:: What you will do ::
Retype all the records below exactly as they are, with no image carried over.

-.-.-

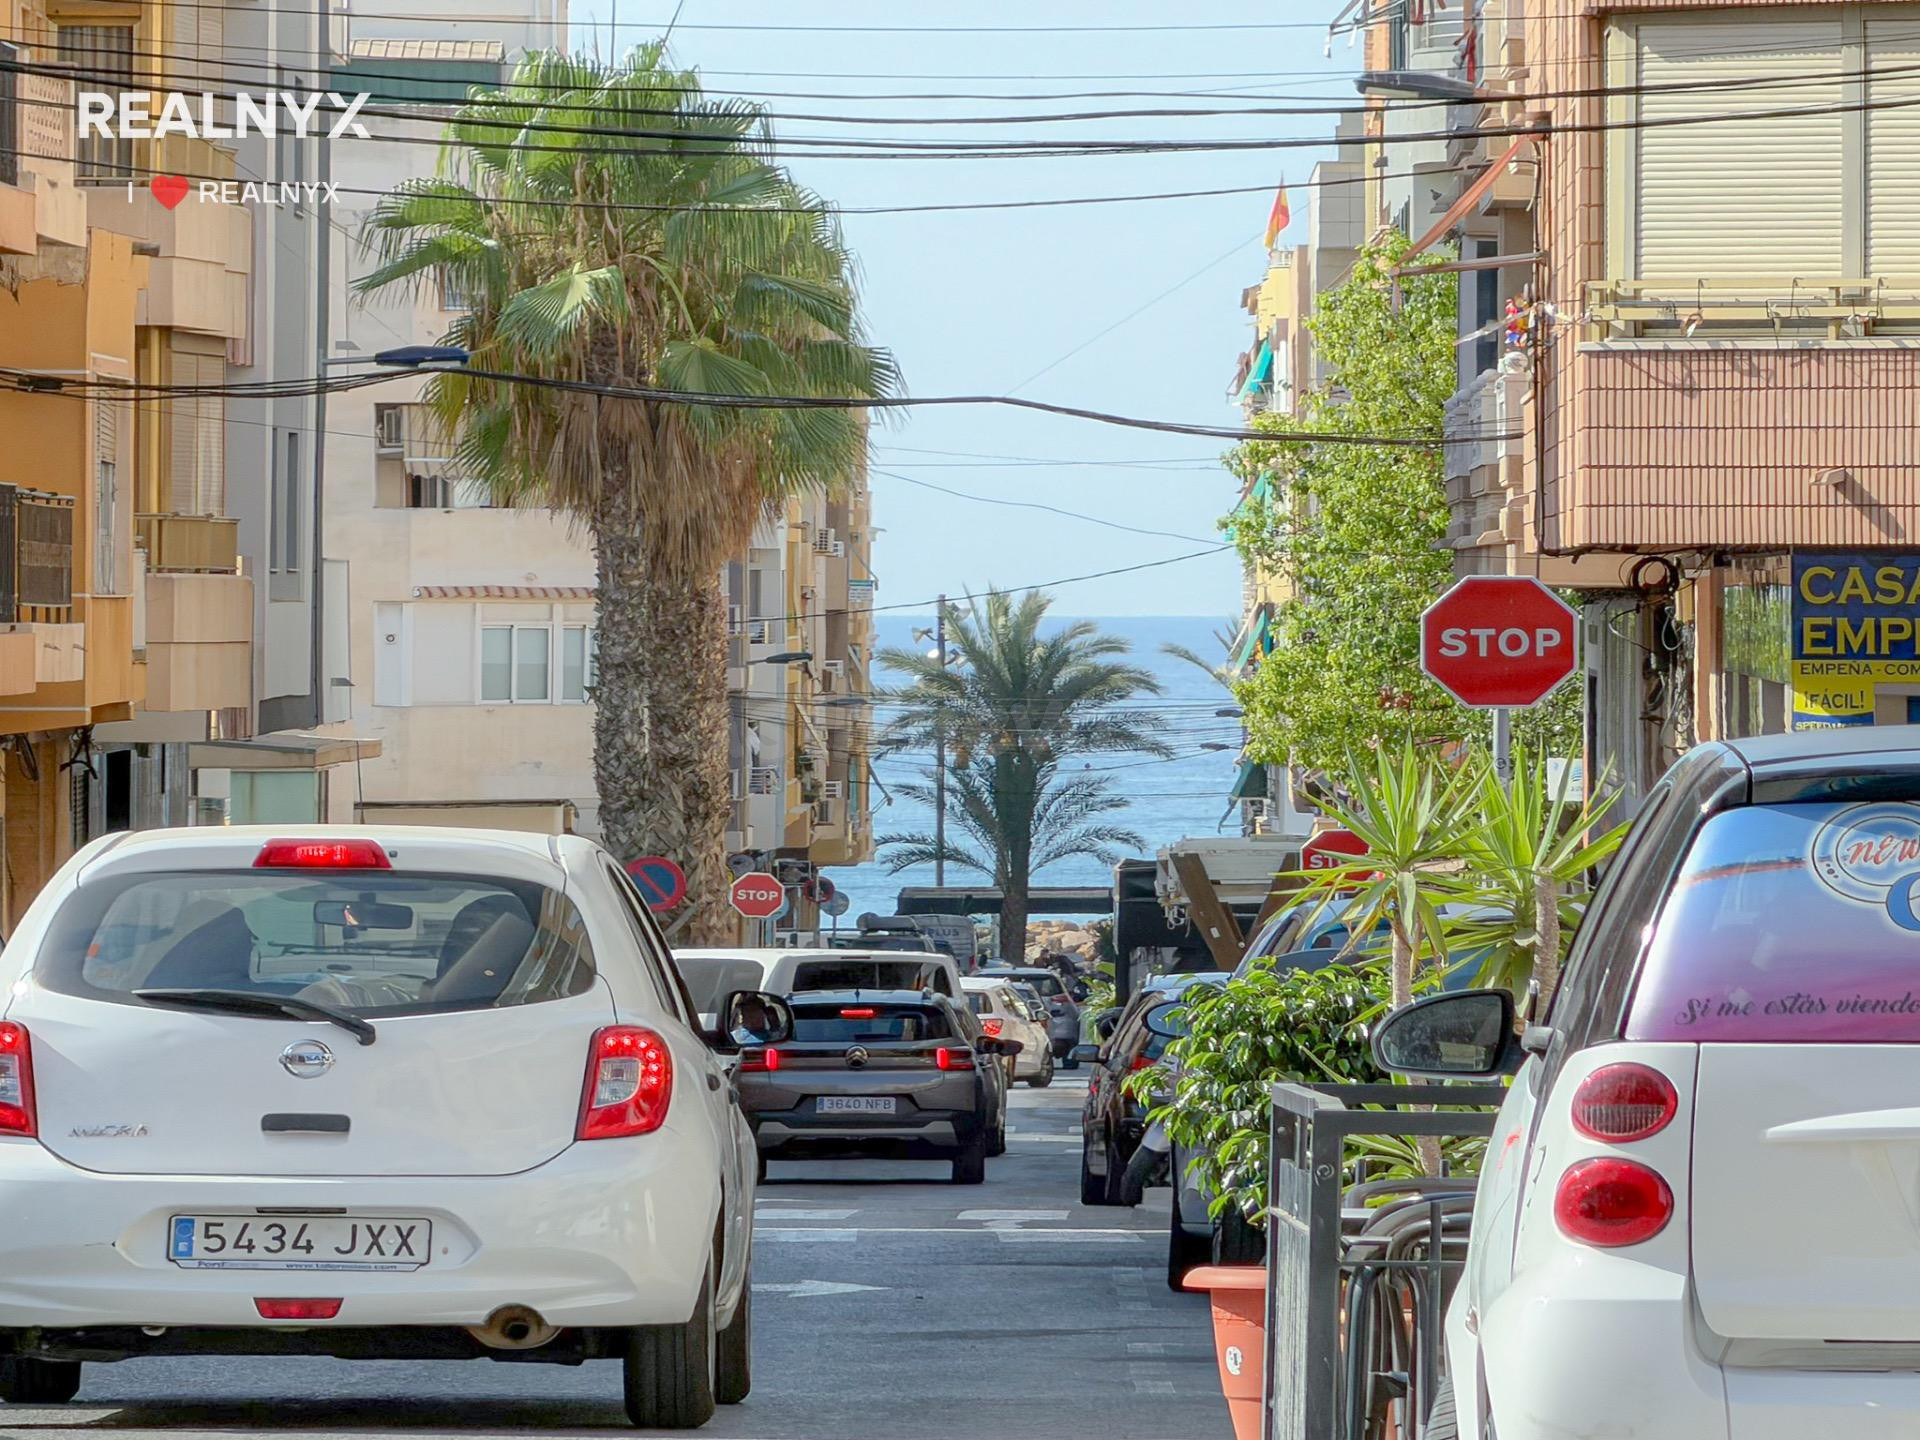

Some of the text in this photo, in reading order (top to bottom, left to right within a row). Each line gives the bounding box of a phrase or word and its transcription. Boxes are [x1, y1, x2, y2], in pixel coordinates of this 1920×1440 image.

[1439, 628, 1561, 657] STOP
[1801, 617, 1920, 656] EMP
[1800, 661, 1873, 676] EMPEÑA
[736, 889, 779, 901] STOP
[826, 1098, 892, 1110] 3640 NFB
[203, 1221, 417, 1258] 5434 JXX

-.-.-

:: Your response ::
Some of the text in this photo, in reading order (top to bottom, left to right within a row). Each line gives the bounding box of a phrase or word and its transcription. Boxes are [x1, y1, x2, y2], in pixel coordinates of this 1920×1440 image.

[1439, 628, 1561, 657] STOP
[1801, 617, 1920, 656] EMP
[1800, 661, 1873, 676] EMPEÑA
[736, 889, 779, 901] STOP
[826, 1098, 892, 1110] 3640 NFB
[203, 1221, 417, 1258] 5434 JXX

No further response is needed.